As I'm starting to write about the last measurement/adjustement/measurement/etc extravaganza I found myself locked into last week, I'm actually enjoying William Orbit, Strange Cargo II, largely helped by the dramatic increase in bass "dynamic range" because of the most recent set of adjustments, and other ones recently.
More and more I'm getting away from the "Room Curve" fudge, although I still leave some chocolate in places.
Exaggerated low frequencies are actually very problematical, for everyone! The problem is, almost inevitably, regardless of much fretting to the contrary, the limit in how loud you can play is going to be in the bass. That's where it gets distorted the fastest as you start cranking it up. And with exaggerated bass, you can't even listen to the rest of the signal at a normal level, you have to turn everything down to accommodate the loud bass. I've noticed that even recently on my bass torture test recordings like Bass Erotica.
Now, I did once use Rogers LS 3/5A, with a T27 tweeter, which can be blown, without too much effort. That's when I went off the ranch and got a pair (and, in my dreams two dozen) Dynaudio D21AF tweeters, with 600W power handling capability and response to 40kHz. I now use those as my living room supertweeters, along with the rest of the LS 3/5A box and unused Bextrene woofer, because building some other box will take a lot of time and effort. I know they're good to 22kHz or so my phone shows me that, then apparently cuts off because of it's 48kHz sampling rate. Those Dyanaudios haven't been made in decades and are hard to come by. Newer Dynaudios, even the $1300 ones, aren't as flat at the super top end, I think mostly or entirely because they've scrapped the 21mm form and now make 28mm only. Technical improvements may extend the 28mm tweeters to 40kHz but usually only 30kHz or so, and not as flat.

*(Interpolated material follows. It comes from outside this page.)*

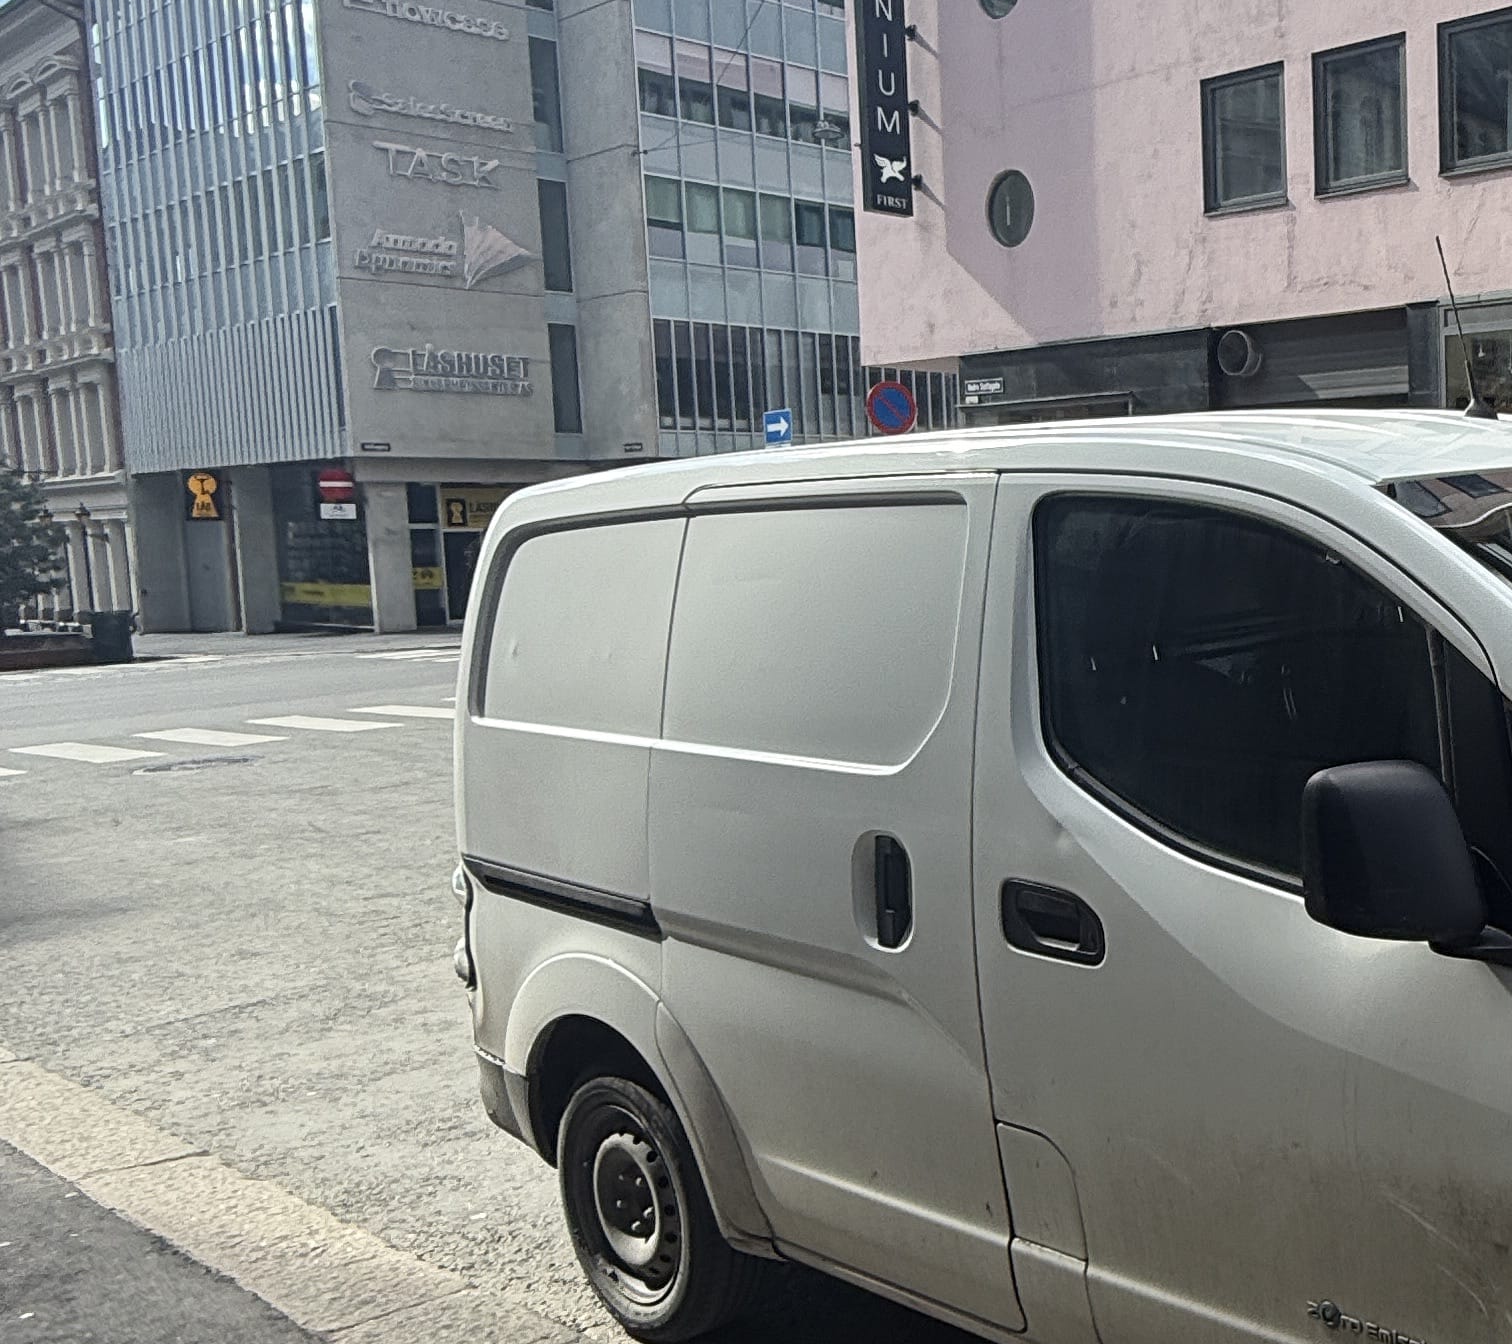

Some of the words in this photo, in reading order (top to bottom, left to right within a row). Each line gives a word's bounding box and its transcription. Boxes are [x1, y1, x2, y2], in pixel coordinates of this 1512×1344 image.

[372, 140, 500, 189] TASK
[876, 193, 907, 209] FIRST
[410, 343, 529, 379] LÅSHUSET

But in many if not most cases now, the practical limited of bassy recordings is in the bass, and hence the bass tuning, which I've recently lowered again (in a serious of adjustments, along with a slight rise in the right channel, which had itself been the subject of a forgotten experiment, as I think I may have written about a few installments ago).
Anyway, the new adjustments are sounding great. I'm sure they could be better, I just had to stop somewhere. I was losing track of how many different things I was doing, and thereby illustrating one of my own key weaknesses. I may explore a lot of things, but in the end they may all get jumbled up, and with no rhyme or reason I may end up just cancelling the whole mess and starting over. Or, nowadays, I can roll back to a previous set of settings, which is especially made more certain by taking pictures of them. (I can save them too, but in my experience, I'd take a picture first, because going through the "saving" process and making one mistake can overwrite your settings, leaving the latest discoveries lost to mind and history.)
I first started with strong wish to verify the goodness of the notch in the midrange at 119 Hz. This seemed to curious raise the response in the right channel, by removing some cancellation effect I suppose. On the left channel, it seemed to have no effect. I needed to verify both of these claims to feel happy with a 119 Hz notch.
Sweeping was how I set the 119 Hz notch in the first place--that's how it sounds the smoothest and flattest (best of all at -15dB notch actually, but I waffled that down to -8dB originally). In the right channel, listening with or without the subs. Switching the notch in and out seemed to make no audible difference in the left channel, as if the panels were contributing nothing due to overdamping (however, I do not remember if I swept the left panels by themselves to test that). This all fits my theory that the damping pad support is broken in the right speaker. As a result, it generates a strong out-of-polarity resonance at 119 Hz from the damping pad vibrating backwards. The right speaker may have a different problem, overdamping at 119 Hz.
And, perhaps even truer explanation, but my guess has been merely a coincidental effect, has been the room mode circa 119 Hz which causes maximum cancellation in the center of the room where the listening position is, and a slight augmentation at the backwall.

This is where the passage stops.